§ Mr. Gordon Wilson
asked the Secretary of State for Employment what research work is being carried out regarding danger to health arising from concentrations of blue and white asbestos is homes and places of employment; and what conclusions have so far been reached.
§ Mr. Harold Walker
The effects of occupational exposure to all forms of asbestos are being widely studied both in this country and abroad. Some of the more significant studies are listed below.
A long-term study of asbestos workers was initiated by the Employment Medical Advisory Service in 1971. The main purposes of this research is to learn as much as possible about the natural history of exposures to asbestos of different types of varying but measured doses of dust; and to provide the evidence of the need for, and ultimately the 415W effectiveness of dust control measures of all types.

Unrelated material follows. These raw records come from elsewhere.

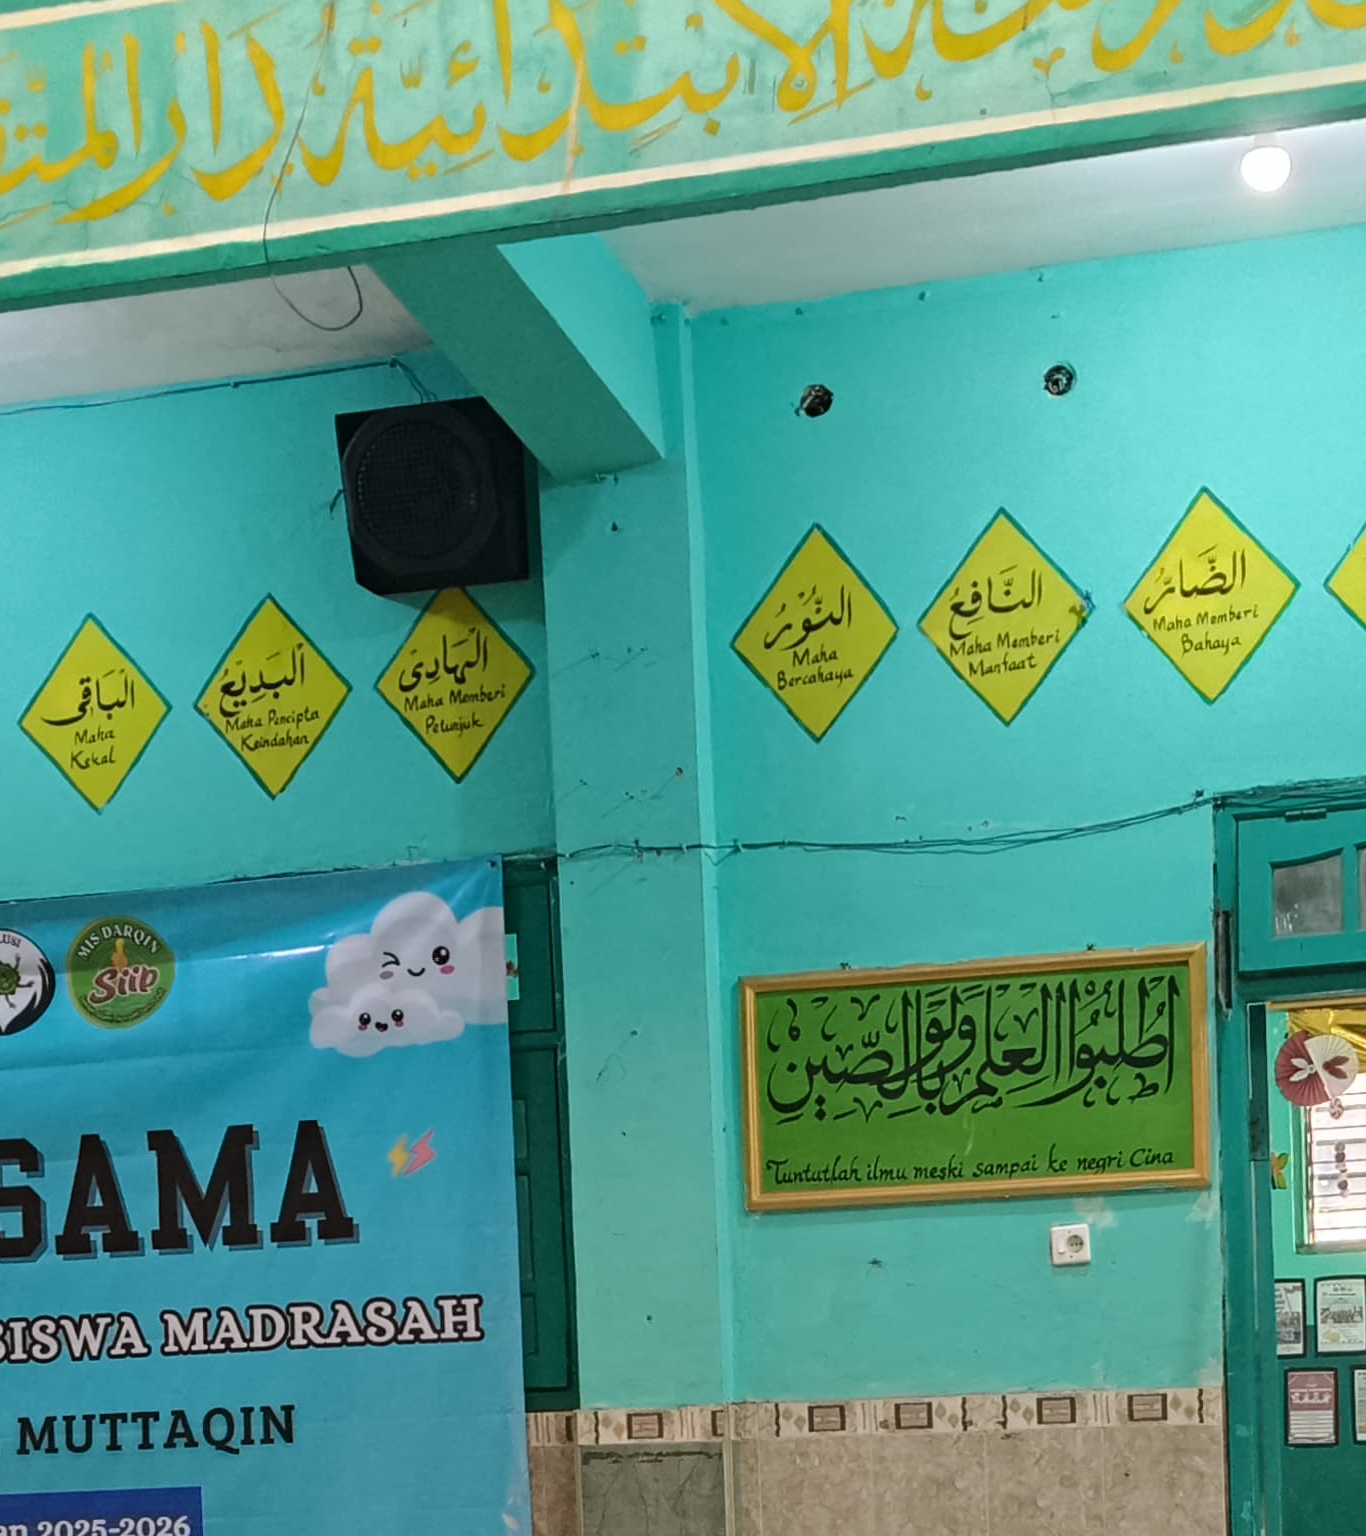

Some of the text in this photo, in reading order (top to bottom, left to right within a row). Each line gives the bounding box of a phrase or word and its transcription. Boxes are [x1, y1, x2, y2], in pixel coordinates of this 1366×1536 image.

[1152, 604, 1259, 633] Maha Memberi
[950, 629, 1061, 657] Maha Memberi
[1180, 633, 1242, 655] Bahaya
[792, 647, 838, 669] Maha
[776, 666, 854, 692] Bercahaya
[404, 684, 506, 712] Maha Memberi
[74, 726, 116, 746] Maha
[225, 713, 263, 734] Maha
[424, 712, 484, 738] Petunjuk
[77, 924, 159, 958] MIS DARQIN
[766, 1143, 1175, 1187] Tuntutlah ilmu meski sampai ke negri Cina
[160, 1294, 485, 1354] MADRASAH
[17, 1404, 295, 1457] MUTTAQIN

The Health and Safety Executive is also carrying out research which aims to improve the methods of determining concentrations of asbestos in dust samples and in monitoring techniques. Research is also being sponsored into the use of automatic counting techniques for asbestos fibres. A study of post-mortem material is being carried out under the auspices of the Medical Research Council to determine whether crocidolite (blue asbestos) has a different pattern of causation of death from that of other asbestos. This study has been going on for approximately two years.

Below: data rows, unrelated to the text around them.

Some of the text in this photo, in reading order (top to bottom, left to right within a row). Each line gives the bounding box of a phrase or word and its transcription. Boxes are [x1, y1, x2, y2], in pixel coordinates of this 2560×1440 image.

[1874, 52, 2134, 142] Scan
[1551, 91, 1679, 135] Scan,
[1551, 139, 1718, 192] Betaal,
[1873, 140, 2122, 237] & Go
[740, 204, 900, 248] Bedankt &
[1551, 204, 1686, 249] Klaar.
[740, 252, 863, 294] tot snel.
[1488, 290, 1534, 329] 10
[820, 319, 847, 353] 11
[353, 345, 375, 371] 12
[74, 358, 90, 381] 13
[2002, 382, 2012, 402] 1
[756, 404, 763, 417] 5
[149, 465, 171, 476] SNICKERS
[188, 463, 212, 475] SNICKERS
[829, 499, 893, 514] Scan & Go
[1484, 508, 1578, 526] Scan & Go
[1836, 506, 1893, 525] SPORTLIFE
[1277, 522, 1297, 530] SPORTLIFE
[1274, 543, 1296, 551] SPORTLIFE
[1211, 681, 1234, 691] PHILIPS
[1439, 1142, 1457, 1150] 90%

Among the other research projects being undertaken are the following: experimental studies of the fibrogenic and carcinogenic action of the principal types of asbestos, the development of immunological techniques for the surveillance of populations at high risk, and the effect of size and shape of fibres on their fibrogenic and carcinogenic action.
The EEC is also concerned about the effects of asbestos both in the environment and in the work place, and a research study commissioned by it on the public health risks of exposure to asbestos has recently been published. This study contains an extensive list of references to research work on asbestos. Reference should be made to the individual papers for the writers' conclusions.
Most of this work is directly related to asbestos exposure at work, but it is anticipated that the results will also be helpful in dealing with any risk that might arise in the home.